Aujourd’hui, nulle pression n’est donc plus exercée sur le condamné pendant qu’il subit sa peine ; on n’ira pas le chercher dans sa prison, mais on l’accueillera favorablement s’il se présente au patronage et y demande appui. On se contente de lui dire qu’il existe à Paris une société secourable, une société de sauvetage moral qui ne désespère point des coupables, et remplit auprès d’eux une sorte d’office paternel où l’on peut rencontrer le salut et même mériter la réhabilitation.

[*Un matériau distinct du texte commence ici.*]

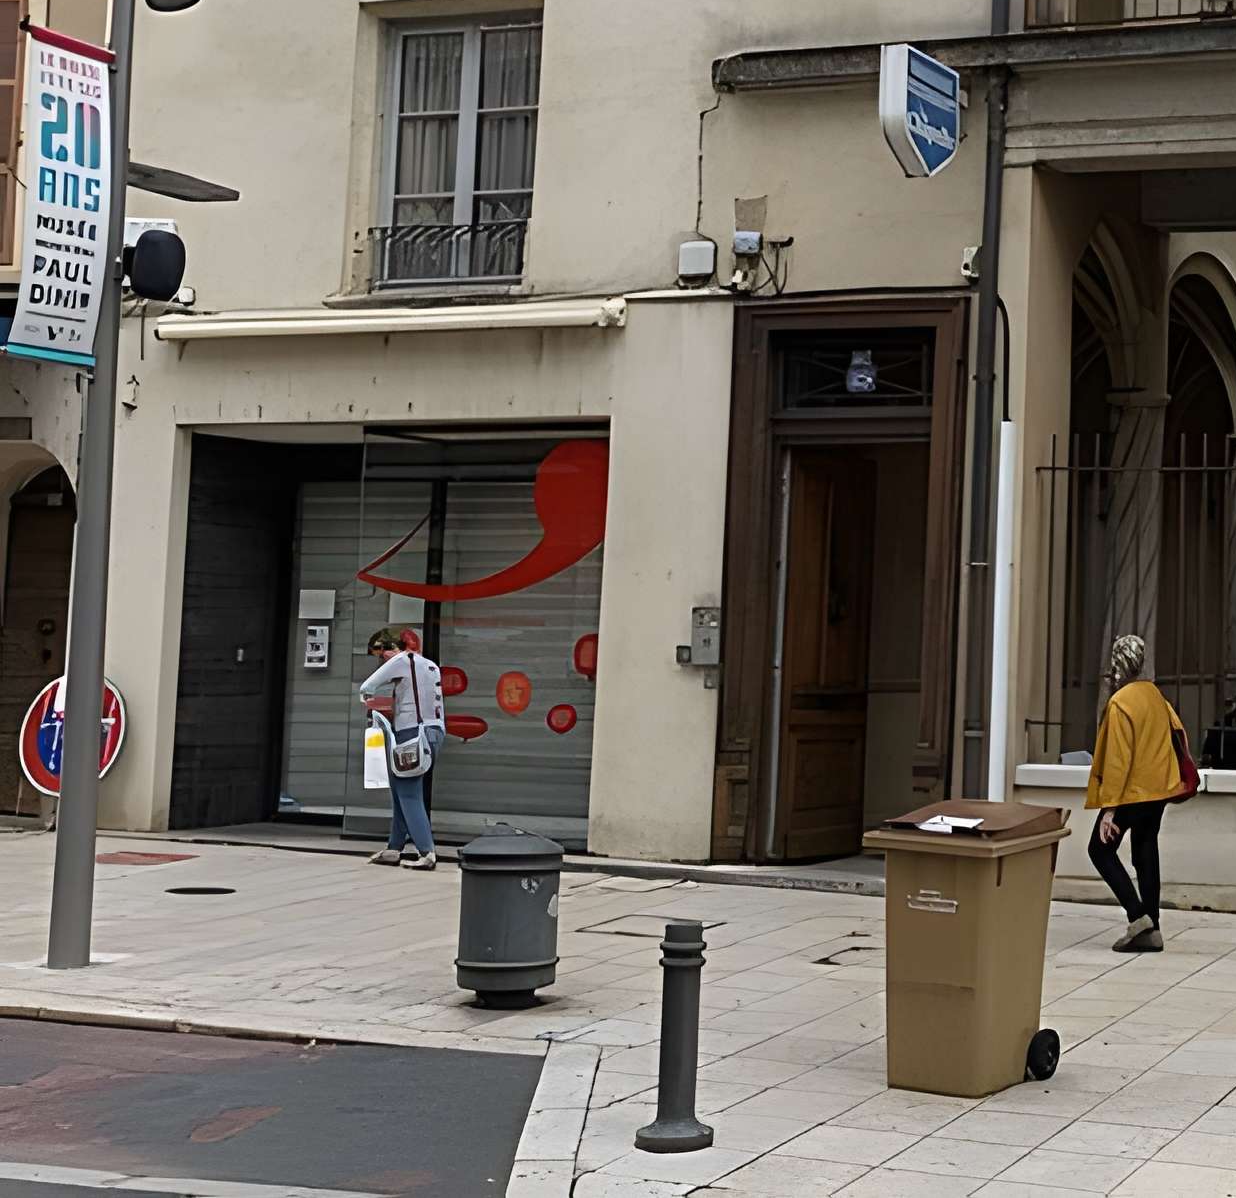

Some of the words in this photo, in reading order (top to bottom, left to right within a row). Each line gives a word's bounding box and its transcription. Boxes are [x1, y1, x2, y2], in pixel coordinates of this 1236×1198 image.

Ce sont les surveillans, et bien souvent le directeur de la maison pénitentiaire, qui fournissent les indications, sans insister, presque comme un conseil donné entre camarades : « Moi, à ta place, j’en essaierais ! » Seul, perdu dans le silence, astreint à un travail de hasard où il est malhabile, le détenu rêvasse ; il se rappelle l’arrestation, les alternatives de crainte et d’espoir de la prévention, l’interrogatoire dont il s’était promis de triompher et qui a triomphé de lui, les juges en présence desquels il s’est enchevêtré dans ses mensonges, la condamnation, le panier à salade qui l’a secoué sur les pavés de la ville, qu’il entendait sans la voir, la formalité de l’écrou, l’étroite cellule si bien close et la morne solitude où il doit vivre pendant un nombre de jours qu’il calcule sans cesse : comme le temps est lourd, comme il dure et combien sont lentes les heures ! Faudra-t-il donc traverser encore tant d’angoisses ? Comment vivre au jour de la libération ? Si cependant ce que l’on dit de cette Société de patronage était vrai ? Le surveillant a peut-être raison ; ça ne coûte rien d’essayer ; allons, au petit bonheur, on essaiera.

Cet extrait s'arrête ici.